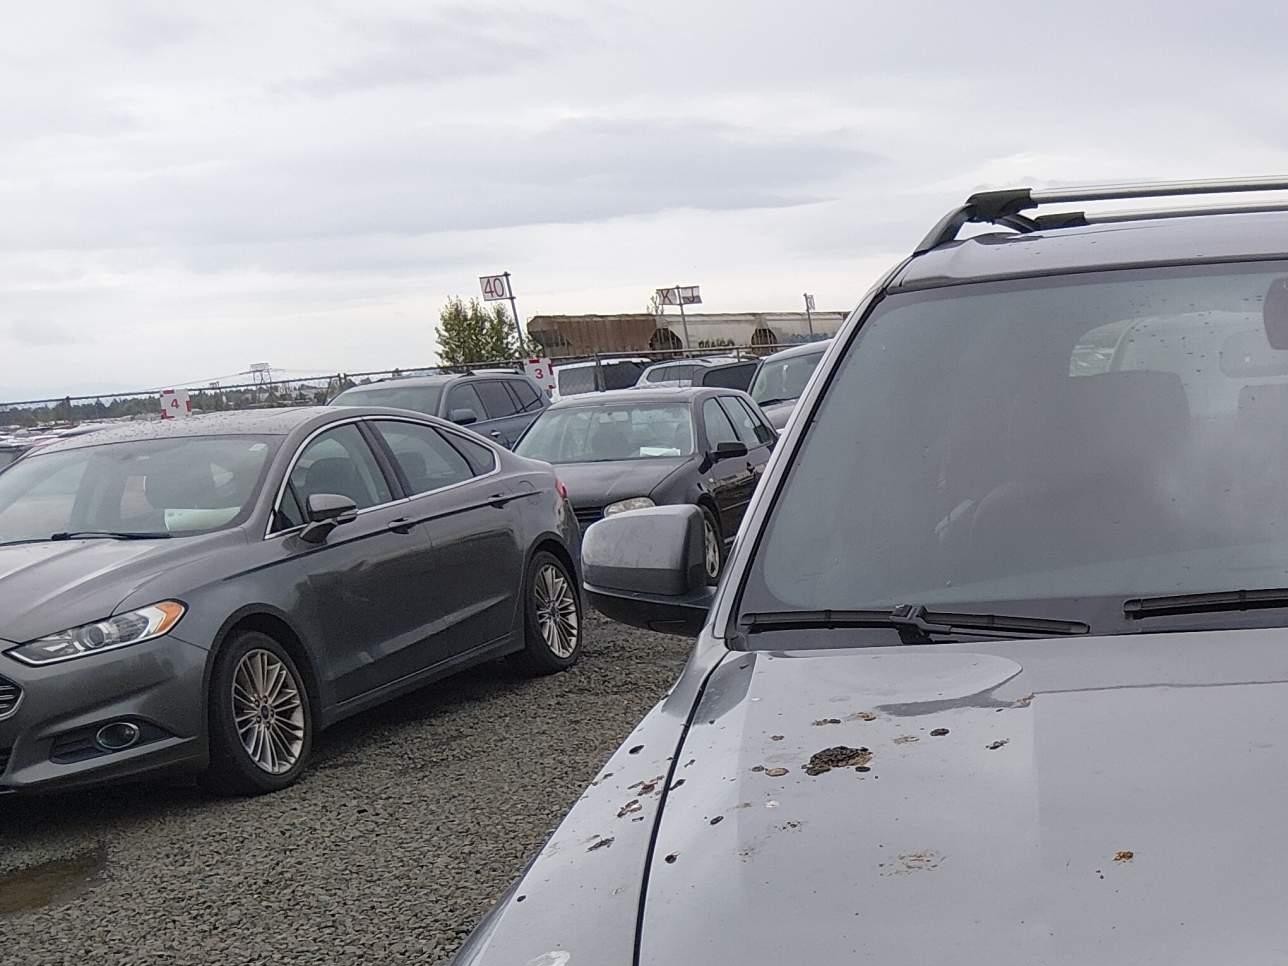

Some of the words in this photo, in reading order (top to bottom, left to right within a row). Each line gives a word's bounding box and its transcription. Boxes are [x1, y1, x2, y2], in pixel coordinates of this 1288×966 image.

[484, 278, 505, 298] 40
[660, 289, 674, 304] K
[534, 368, 544, 380] 3
[171, 398, 179, 409] 4

-----

With the pictures removed, return each record above exactly as given.

RESULT FOR THIS TASK:
Some of the words in this photo, in reading order (top to bottom, left to right within a row). Each line gives a word's bounding box and its transcription. Boxes are [x1, y1, x2, y2], in pixel coordinates of this 1288×966 image.

[484, 278, 505, 298] 40
[660, 289, 674, 304] K
[534, 368, 544, 380] 3
[171, 398, 179, 409] 4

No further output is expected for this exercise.